Améliorer à la fois la quantité et la qualité du financement de l’OMS est une urgence mondiale. Les Etats membres ne perdent pas de temps à se vanter de la pertinence de l’OMS. Mais son efficacité dépend de la qualité de son financement. Et comme nous le constatons dans nos travaux pour le Conseil de l’OMS sur l’économie de la santé pour tous, la finance n’est pas neutre : le type de financement disponible affecte l’allocation et, in fine, le résultat des investissements.

Le renforcement de l’OMS offre le meilleur retour sur investissement pour la santé. Des milliards sont proposés – comme par le Groupe d’experts indépendant de haut niveau du G20 sur le financement des biens communs mondiaux pour la préparation et la riposte aux pandémies – pour mettre en place et financer de nouvelles institutions mondiales de sécurité sanitaire qui ne peuvent garantir une large adhésion politique, en particulier de la part des pays du Sud. Il n’y a tout simplement aucune raison logique pour laquelle les Etats membres devraient miser lourdement sur une nouvelle entreprise qui pourrait ne pas gagner un large soutien par rapport à l’investissement dans leur organisation existante, qui peut très certainement offrir plus si elle est financée en conséquence.

C’est simple : le plus grand potentiel de solidarité sanitaire mondiale réside dans l’OMS. Un financement fiable par ses propriétaires – les 194 pays membres – ferait toute la différence pour la coopération mondiale en matière de santé et démontrerait l’efficacité des solutions multilatérales aux défis internationaux.

Le moment est venu de prêcher par l’exemple. Trop d’Etats membres ont longtemps été indifférents à la nécessité de renforcer l’OMS ou d’investir dans la santé. Cela n’aurait pas dû être ainsi avant Covid-19, et cela ne devrait pas continuer à être ainsi après la pandémie.

L’hésitation et la réticence qui nous ont amenés à ce point contrastent fortement avec l’esprit et la détermination manifestés il y a un demi-siècle, lorsque les humains ont surmonté des défis apparemment insurmontables pour atteindre la lune et revenir. Le moonshot du président John F. Kennedy a coûté la somme colossale de 283 milliards de dollars (valeur actuelle), sans aucune garantie de succès. Bien sûr, cela a réussi et, ce faisant, il a catalysé l’innovation intersectorielle qui, avec le temps, a donné au monde des téléphones avec appareil photo, une meilleure isolation de la maison et l’industrie logicielle moderne.

En d’autres termes, le moonshot de Kennedy a stimulé le dynamisme et la croissance économiques grâce à une innovation axée sur la mission.
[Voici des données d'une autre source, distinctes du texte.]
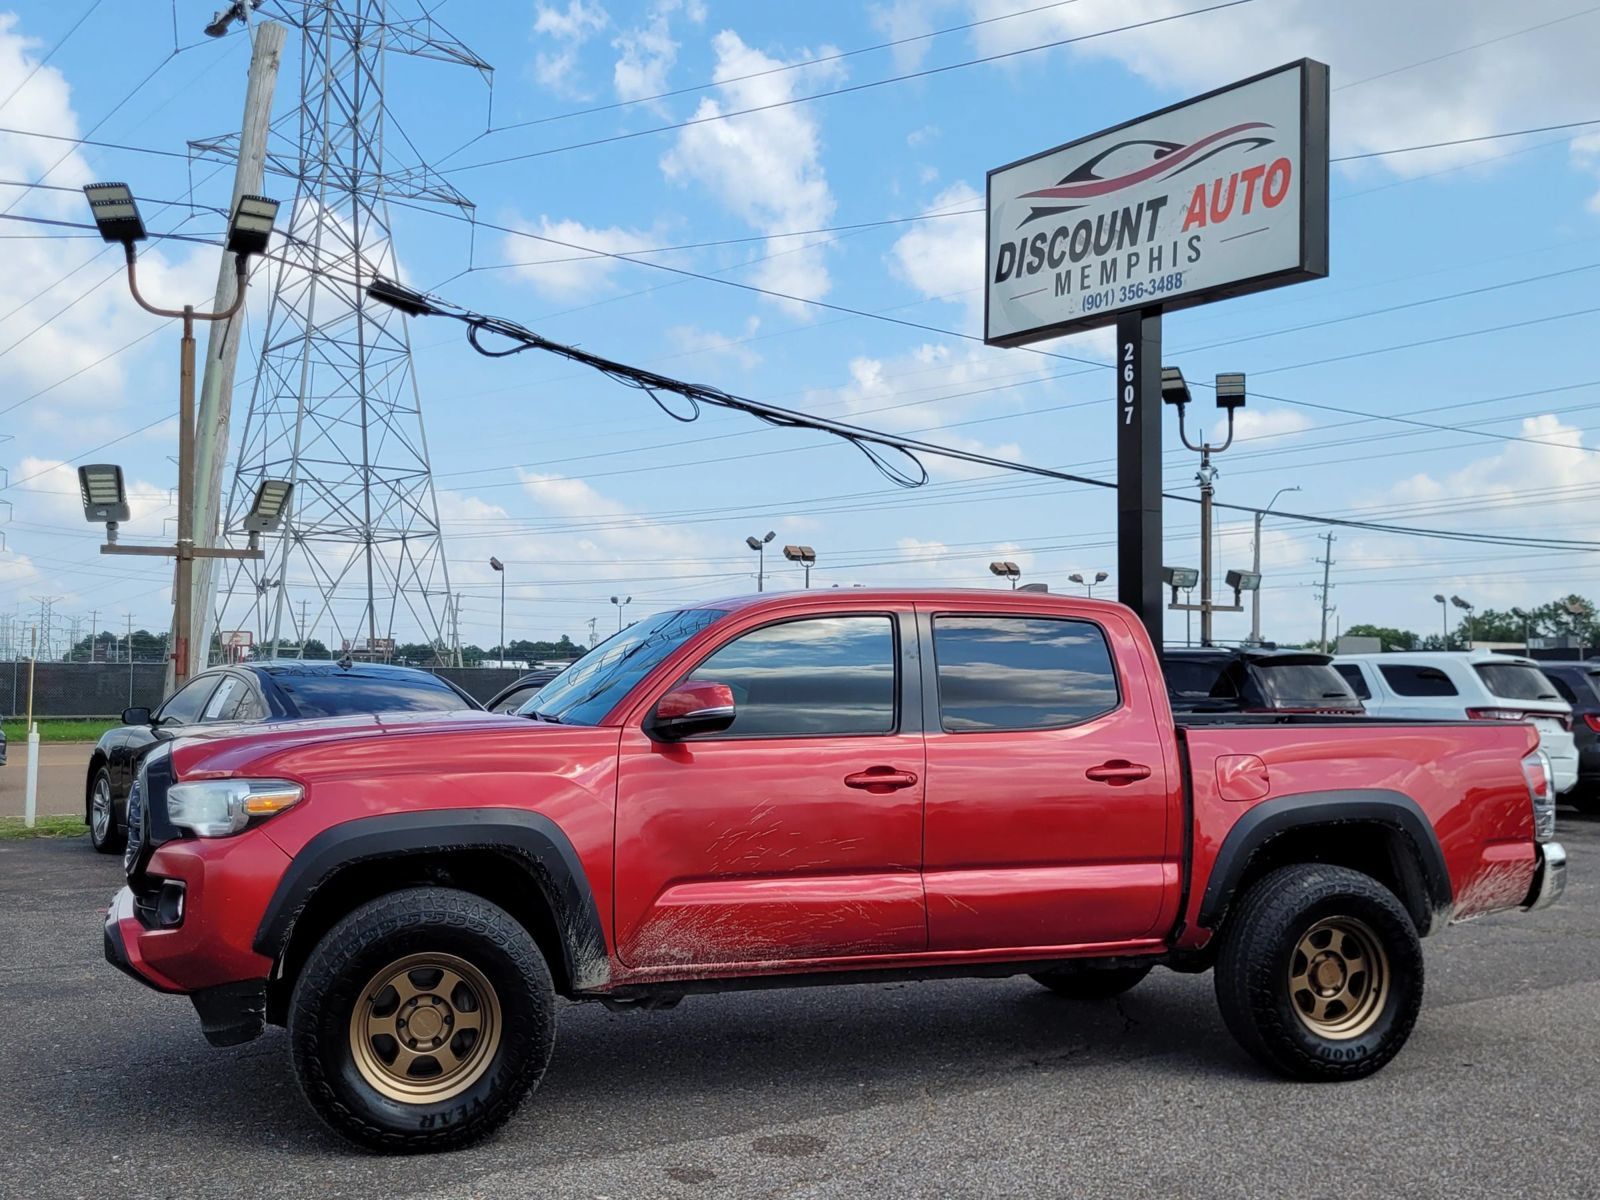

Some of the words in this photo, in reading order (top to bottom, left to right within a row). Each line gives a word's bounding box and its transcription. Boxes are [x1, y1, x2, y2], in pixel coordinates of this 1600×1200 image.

[994, 195, 1168, 283] DISCOUNT
[1182, 157, 1292, 233] AUTO
[1054, 235, 1201, 297] MEMPHIS
[1082, 291, 1115, 312] (901)
[1119, 272, 1183, 303] 356-3488
[1124, 342, 1134, 425] 2607
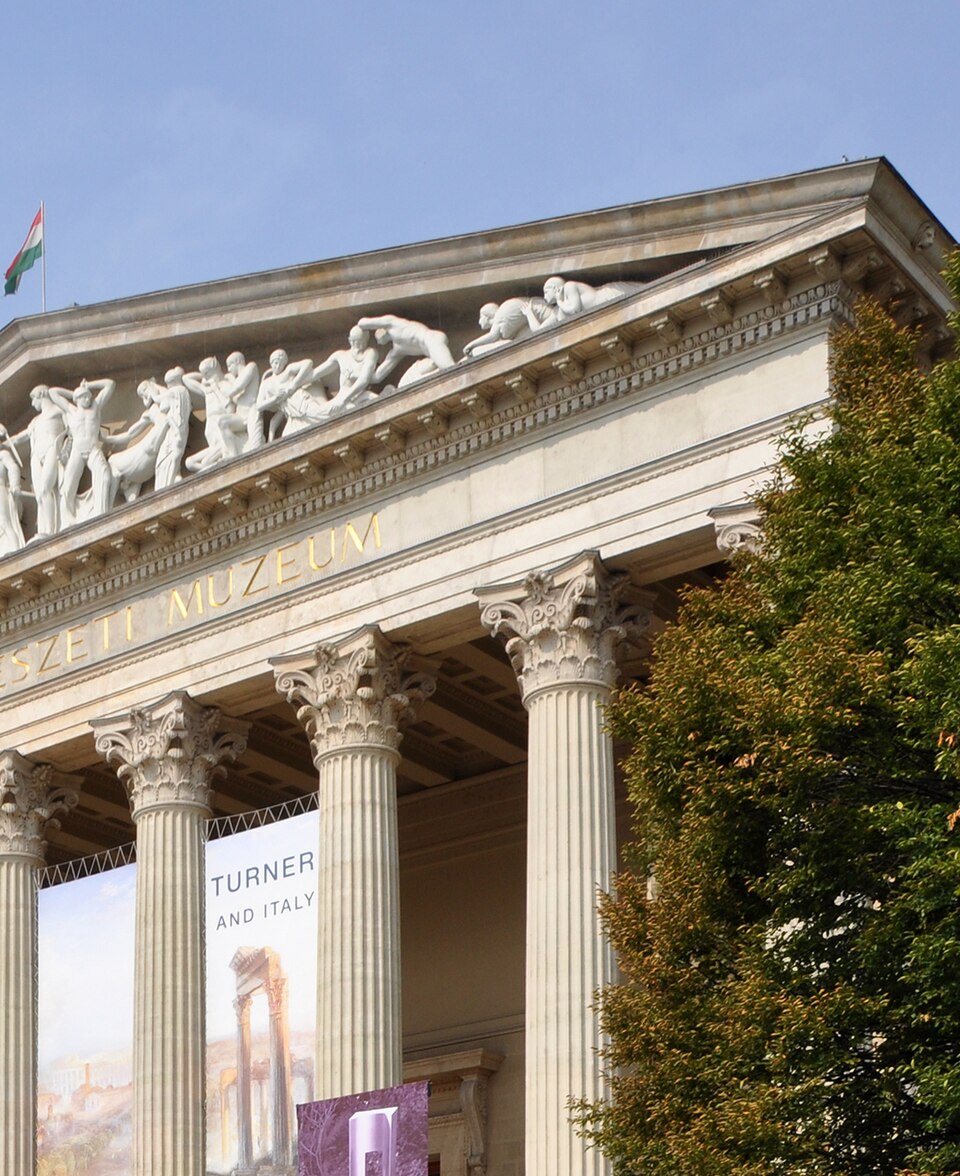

En comparaison, la proposition de financement actuelle ne coûterait aux 194 Etats membres de l’OMS que 1,2 milliard de dollars par an, avec la certitude qu’elle renforcerait considérablement l’efficacité de l’organisation. Nous pensons qu’il devrait en fait être plus.

Le Moonshot d’aujourd’hui doit être «Santé pour tous». Dans l’immédiat, cela signifie s’assurer que les vaccins Covid-19 sont accessibles dans le monde entier. Mais ce n’est pas un coup de lune pour les Etats membres de l’OMS de financer leur propre organisation afin qu’elle puisse faire son travail. C’est juste du bon sens : l’OMS sauve la vie des citoyens de ses Etats membres. Nous avons déjà des solutions très abordables, pratiques et simples pour la santé publique mondiale, y compris le financement de biens communs pour la santé ; ce dont nous avons besoin maintenant, ce n’est qu’une fraction de l’ambition politique que nous avions autrefois.

Par Mariana Mazzucato et Ilona Kickbusch 
Mariana Mazzucato, professeure en économie de l’innovation et de la valeur publique à l’University College London
Ilona Kickbusch, fondatrice et présidente du Conseil consultatif international du Global Health Center de l’Institut universitaire de Genève.